*What you will do*
Nothing but the exact lines from the one containing "this 1368×1824 image." through the last line of the records below belongs in your answer.

*Supplied entries*
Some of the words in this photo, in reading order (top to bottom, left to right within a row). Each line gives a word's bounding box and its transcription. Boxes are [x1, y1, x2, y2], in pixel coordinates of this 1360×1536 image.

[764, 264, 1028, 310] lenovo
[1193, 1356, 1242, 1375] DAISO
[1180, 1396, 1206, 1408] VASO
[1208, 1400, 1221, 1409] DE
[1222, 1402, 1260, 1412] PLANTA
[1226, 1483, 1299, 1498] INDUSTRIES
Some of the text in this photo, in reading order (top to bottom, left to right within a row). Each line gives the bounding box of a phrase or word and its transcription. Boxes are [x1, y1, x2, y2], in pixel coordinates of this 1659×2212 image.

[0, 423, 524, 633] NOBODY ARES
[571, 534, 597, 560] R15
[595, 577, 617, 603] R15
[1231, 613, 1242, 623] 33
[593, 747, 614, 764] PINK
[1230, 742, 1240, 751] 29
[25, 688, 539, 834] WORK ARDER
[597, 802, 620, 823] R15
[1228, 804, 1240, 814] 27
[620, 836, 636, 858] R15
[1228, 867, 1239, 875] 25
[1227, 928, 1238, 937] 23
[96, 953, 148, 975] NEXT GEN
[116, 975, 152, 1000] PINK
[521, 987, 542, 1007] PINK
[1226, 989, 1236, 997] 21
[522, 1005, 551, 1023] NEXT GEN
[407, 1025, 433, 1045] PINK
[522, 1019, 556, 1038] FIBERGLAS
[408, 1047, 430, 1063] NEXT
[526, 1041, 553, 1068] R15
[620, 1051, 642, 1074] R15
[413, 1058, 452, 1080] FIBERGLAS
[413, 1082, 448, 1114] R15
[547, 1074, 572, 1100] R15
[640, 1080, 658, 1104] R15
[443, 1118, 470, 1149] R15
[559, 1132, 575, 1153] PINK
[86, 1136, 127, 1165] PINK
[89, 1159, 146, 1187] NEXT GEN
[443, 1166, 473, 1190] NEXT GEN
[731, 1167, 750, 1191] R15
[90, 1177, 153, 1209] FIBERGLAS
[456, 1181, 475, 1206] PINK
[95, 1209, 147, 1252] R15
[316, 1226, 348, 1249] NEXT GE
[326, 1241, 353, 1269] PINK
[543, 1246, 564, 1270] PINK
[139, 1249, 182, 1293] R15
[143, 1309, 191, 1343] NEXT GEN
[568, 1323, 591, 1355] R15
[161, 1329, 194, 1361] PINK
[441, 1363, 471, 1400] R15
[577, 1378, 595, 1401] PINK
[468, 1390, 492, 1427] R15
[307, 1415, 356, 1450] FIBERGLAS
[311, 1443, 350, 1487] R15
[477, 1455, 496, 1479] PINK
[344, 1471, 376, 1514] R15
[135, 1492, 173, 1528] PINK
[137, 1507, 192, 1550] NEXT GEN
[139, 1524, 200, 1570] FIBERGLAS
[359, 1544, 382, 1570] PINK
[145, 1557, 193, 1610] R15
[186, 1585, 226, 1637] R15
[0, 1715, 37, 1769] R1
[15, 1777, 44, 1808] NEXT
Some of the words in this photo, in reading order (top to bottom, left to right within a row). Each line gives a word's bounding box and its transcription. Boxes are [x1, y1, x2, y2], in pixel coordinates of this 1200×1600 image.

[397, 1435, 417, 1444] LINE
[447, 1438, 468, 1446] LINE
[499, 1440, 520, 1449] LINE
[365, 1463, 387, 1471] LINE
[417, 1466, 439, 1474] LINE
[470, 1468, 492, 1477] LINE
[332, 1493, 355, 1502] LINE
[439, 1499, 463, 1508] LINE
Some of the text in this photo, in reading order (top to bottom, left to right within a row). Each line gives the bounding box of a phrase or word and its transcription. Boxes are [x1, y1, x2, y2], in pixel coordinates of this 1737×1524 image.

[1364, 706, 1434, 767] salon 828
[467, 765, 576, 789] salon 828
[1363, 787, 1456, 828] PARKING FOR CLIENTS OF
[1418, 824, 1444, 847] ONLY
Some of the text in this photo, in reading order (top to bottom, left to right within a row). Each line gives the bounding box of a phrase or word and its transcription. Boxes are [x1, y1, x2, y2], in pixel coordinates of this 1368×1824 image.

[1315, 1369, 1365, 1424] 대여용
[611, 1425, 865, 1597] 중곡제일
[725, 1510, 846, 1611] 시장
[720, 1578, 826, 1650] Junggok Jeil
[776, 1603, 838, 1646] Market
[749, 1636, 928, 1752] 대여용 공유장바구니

*Task output*
Some of the text in this photo, in reading order (top to bottom, left to right within a row). Each line gives the bounding box of a phrase or word and its transcription. Boxes are [x1, y1, x2, y2], in pixel coordinates of this 1368×1824 image.

[1315, 1369, 1365, 1424] 대여용
[611, 1425, 865, 1597] 중곡제일
[725, 1510, 846, 1611] 시장
[720, 1578, 826, 1650] Junggok Jeil
[776, 1603, 838, 1646] Market
[749, 1636, 928, 1752] 대여용 공유장바구니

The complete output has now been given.